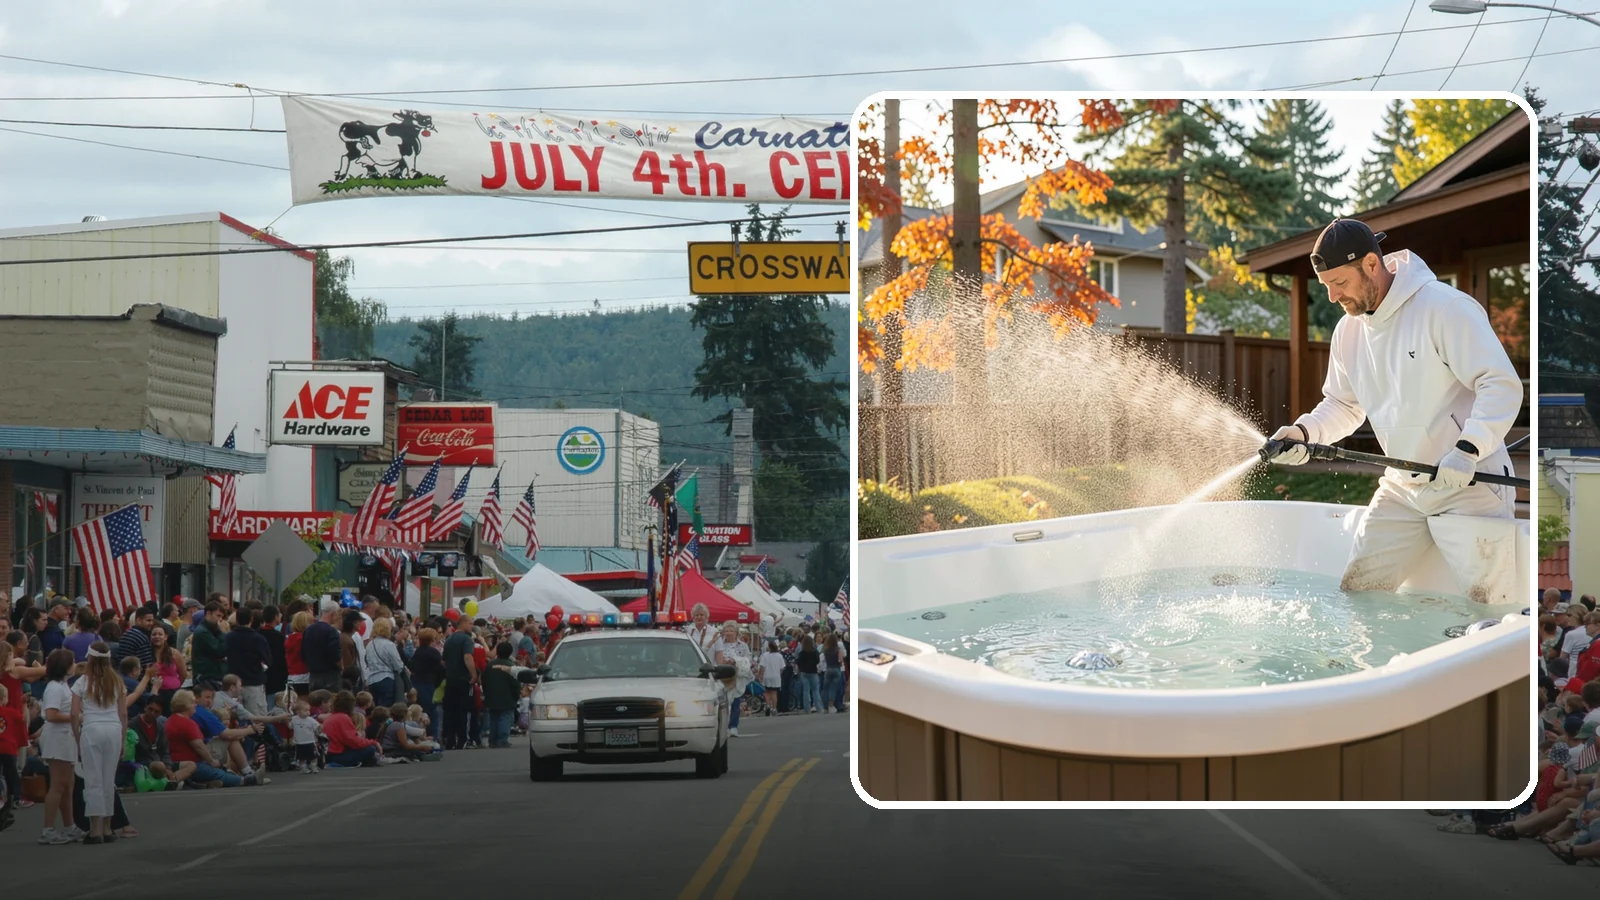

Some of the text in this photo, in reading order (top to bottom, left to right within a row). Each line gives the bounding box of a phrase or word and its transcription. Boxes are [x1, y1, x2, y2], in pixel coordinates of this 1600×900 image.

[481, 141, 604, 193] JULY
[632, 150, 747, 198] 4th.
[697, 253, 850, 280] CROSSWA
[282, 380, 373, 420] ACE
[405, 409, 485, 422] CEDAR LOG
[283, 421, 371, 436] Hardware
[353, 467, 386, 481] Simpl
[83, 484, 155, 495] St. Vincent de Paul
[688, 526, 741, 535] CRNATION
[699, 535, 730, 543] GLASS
_____
WHAT IS BEING ASKED:
Only the text of the records above is to be reproduced, exactly as given; the pictures are dropped.

EXERCISE ANSWER:
Some of the text in this photo, in reading order (top to bottom, left to right within a row). Each line gives the bounding box of a phrase or word and its transcription. Boxes are [x1, y1, x2, y2], in pixel coordinates of this 1600×900 image.

[481, 141, 604, 193] JULY
[632, 150, 747, 198] 4th.
[697, 253, 850, 280] CROSSWA
[282, 380, 373, 420] ACE
[405, 409, 485, 422] CEDAR LOG
[283, 421, 371, 436] Hardware
[353, 467, 386, 481] Simpl
[83, 484, 155, 495] St. Vincent de Paul
[688, 526, 741, 535] CRNATION
[699, 535, 730, 543] GLASS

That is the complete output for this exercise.